━━━ Material for the task
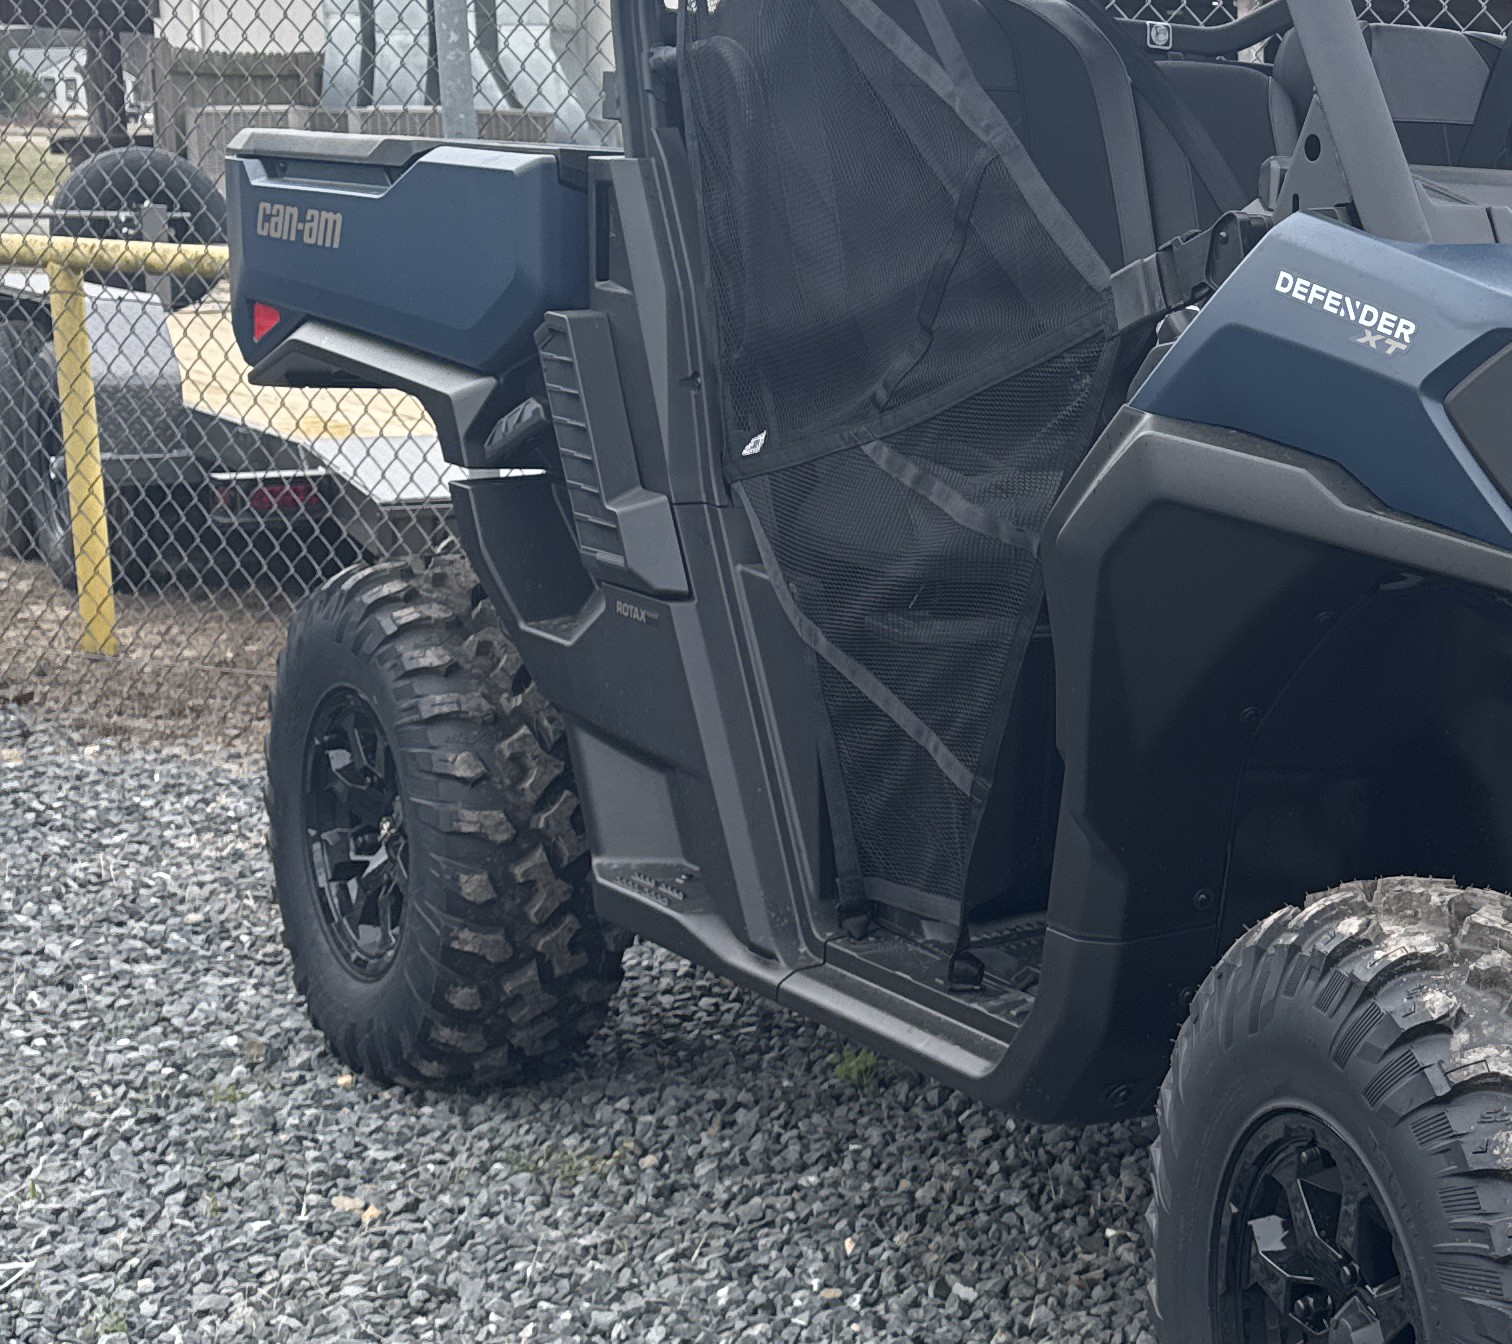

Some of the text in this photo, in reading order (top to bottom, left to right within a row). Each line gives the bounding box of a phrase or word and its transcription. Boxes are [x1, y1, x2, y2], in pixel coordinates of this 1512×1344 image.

[256, 201, 343, 249] can-am
[1274, 270, 1417, 344] DEFENDER
[1355, 328, 1408, 355] XT
[616, 599, 647, 623] ROTAX
━━━━━━
Give back every line of the material above word for word, leaving out the pictures.

Your solution
Some of the text in this photo, in reading order (top to bottom, left to right within a row). Each line gives the bounding box of a phrase or word and its transcription. Boxes are [x1, y1, x2, y2], in pixel coordinates of this 1512×1344 image.

[256, 201, 343, 249] can-am
[1274, 270, 1417, 344] DEFENDER
[1355, 328, 1408, 355] XT
[616, 599, 647, 623] ROTAX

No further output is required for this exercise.